What you need to do: Repeat every entry exactly as it stands. Omit the images.
-- -- --
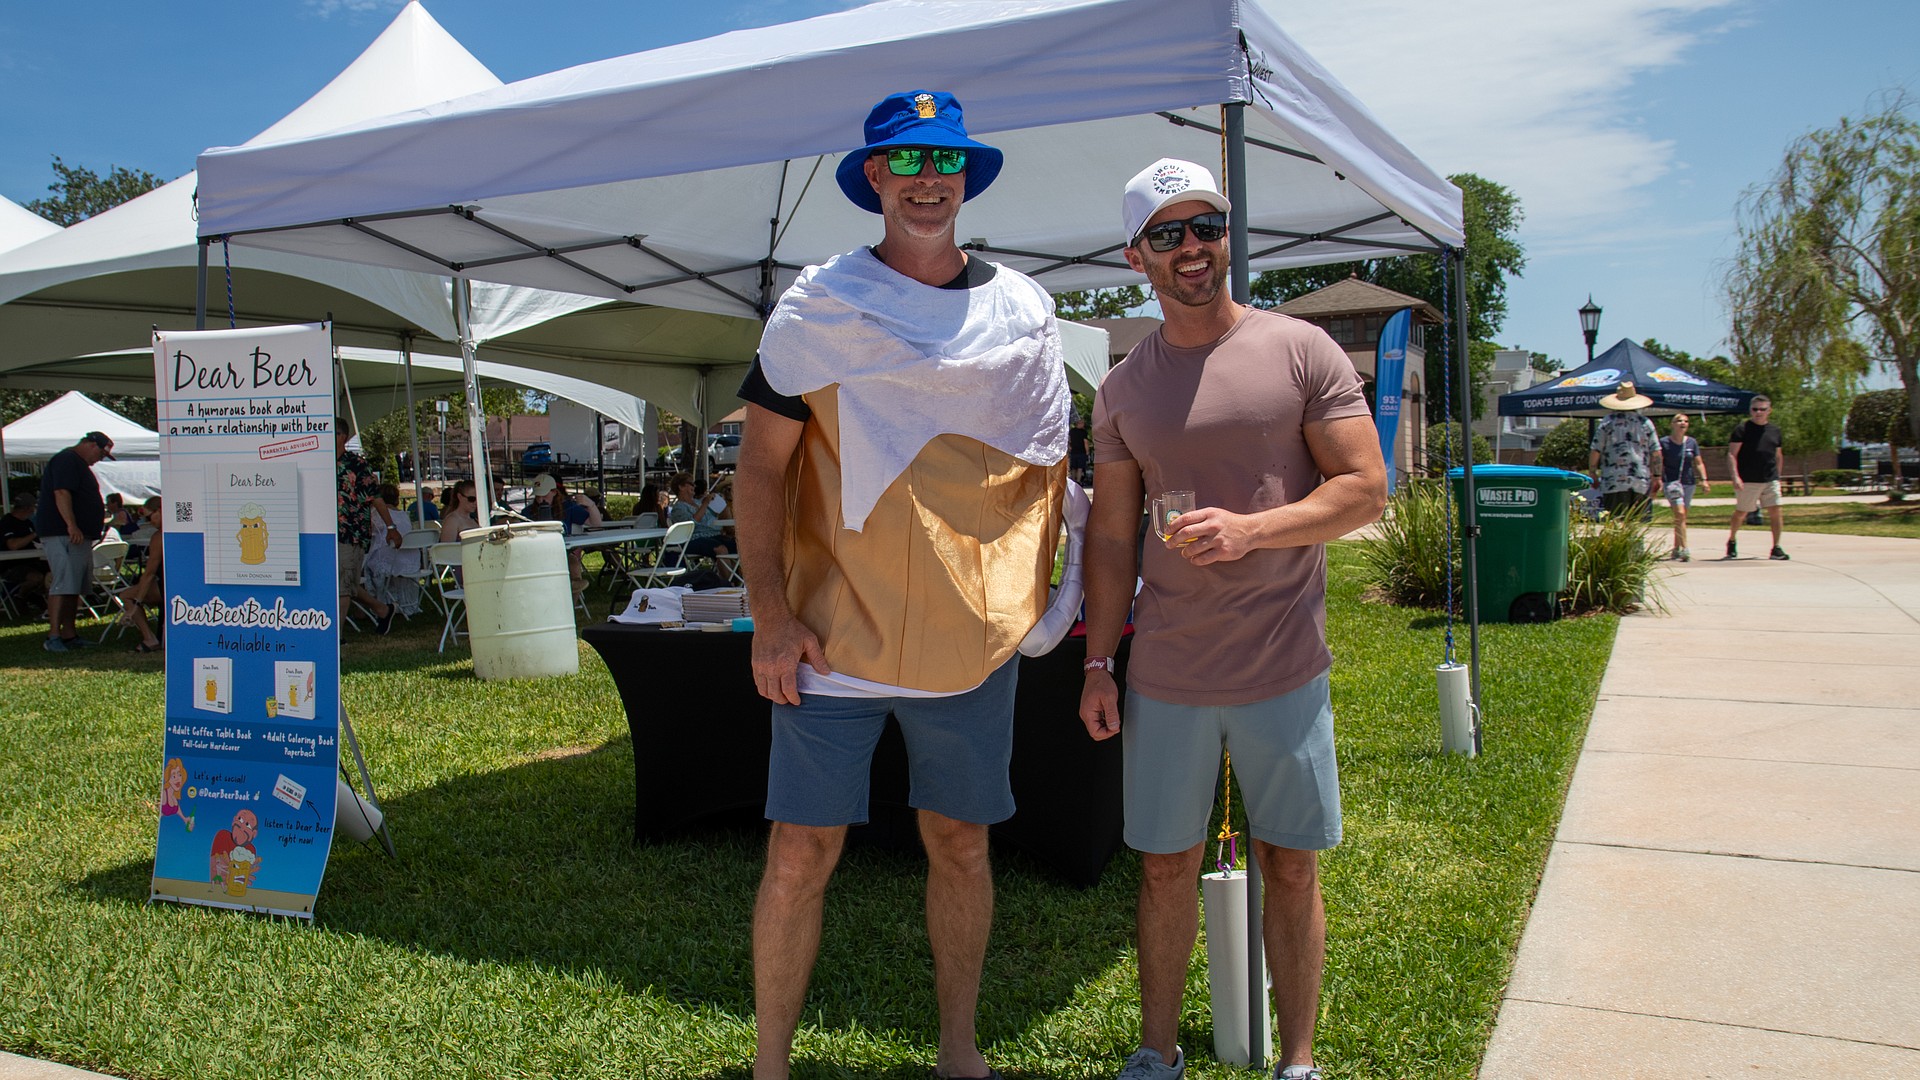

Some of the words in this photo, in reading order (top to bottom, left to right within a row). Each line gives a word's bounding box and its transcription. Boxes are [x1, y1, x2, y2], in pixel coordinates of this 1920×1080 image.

[1152, 165, 1185, 181] CIRCUIT
[1154, 179, 1190, 194] AMERICAS
[173, 350, 245, 392] Dear
[249, 346, 317, 388] Beer
[1523, 398, 1553, 409] TODAY'S
[1554, 396, 1574, 406] BEST
[1575, 395, 1604, 405] COUNT
[1692, 394, 1710, 404] BEST
[187, 403, 194, 416] A
[198, 403, 246, 418] humorous
[250, 399, 272, 416] book
[276, 398, 306, 415] about
[170, 426, 178, 435] a
[182, 418, 213, 435] man's
[217, 419, 277, 438] relationship
[281, 418, 303, 433] with
[306, 415, 329, 432] beer
[262, 445, 289, 455] PARENTAL
[290, 440, 315, 450] ADVISORY
[230, 473, 254, 488] Dear
[254, 473, 277, 488] Beer
[1480, 489, 1513, 501] WASTE
[1515, 489, 1535, 501] PRO
[173, 597, 329, 629] DearBeerBook.com
[217, 633, 271, 653] Avaliable
[275, 640, 286, 653] in
[172, 725, 190, 736] Adult
[192, 726, 213, 737] Coffee
[216, 728, 235, 739] Table
[236, 729, 252, 740] Book
[267, 732, 285, 743] Adult
[287, 733, 315, 748] Coloring
[318, 735, 334, 746] Book
[182, 740, 208, 749] Full-Color
[209, 741, 240, 752] Hardcover
[284, 747, 316, 759] Paperback
[194, 770, 209, 781] Let's
[211, 773, 222, 785] get
[198, 788, 250, 801] @DearBeerBook
[264, 818, 284, 829] listen
[286, 820, 293, 830] to
[295, 820, 313, 832] Dear
[315, 822, 331, 833] Beer
[278, 833, 296, 848] right
[298, 836, 314, 845] now!
-- -- --
Your solution:
Some of the words in this photo, in reading order (top to bottom, left to right within a row). Each line gives a word's bounding box and its transcription. Boxes are [x1, y1, x2, y2], in pixel coordinates of this 1920×1080 image.

[1152, 165, 1185, 181] CIRCUIT
[1154, 179, 1190, 194] AMERICAS
[173, 350, 245, 392] Dear
[249, 346, 317, 388] Beer
[1523, 398, 1553, 409] TODAY'S
[1554, 396, 1574, 406] BEST
[1575, 395, 1604, 405] COUNT
[1692, 394, 1710, 404] BEST
[187, 403, 194, 416] A
[198, 403, 246, 418] humorous
[250, 399, 272, 416] book
[276, 398, 306, 415] about
[170, 426, 178, 435] a
[182, 418, 213, 435] man's
[217, 419, 277, 438] relationship
[281, 418, 303, 433] with
[306, 415, 329, 432] beer
[262, 445, 289, 455] PARENTAL
[290, 440, 315, 450] ADVISORY
[230, 473, 254, 488] Dear
[254, 473, 277, 488] Beer
[1480, 489, 1513, 501] WASTE
[1515, 489, 1535, 501] PRO
[173, 597, 329, 629] DearBeerBook.com
[217, 633, 271, 653] Avaliable
[275, 640, 286, 653] in
[172, 725, 190, 736] Adult
[192, 726, 213, 737] Coffee
[216, 728, 235, 739] Table
[236, 729, 252, 740] Book
[267, 732, 285, 743] Adult
[287, 733, 315, 748] Coloring
[318, 735, 334, 746] Book
[182, 740, 208, 749] Full-Color
[209, 741, 240, 752] Hardcover
[284, 747, 316, 759] Paperback
[194, 770, 209, 781] Let's
[211, 773, 222, 785] get
[198, 788, 250, 801] @DearBeerBook
[264, 818, 284, 829] listen
[286, 820, 293, 830] to
[295, 820, 313, 832] Dear
[315, 822, 331, 833] Beer
[278, 833, 296, 848] right
[298, 836, 314, 845] now!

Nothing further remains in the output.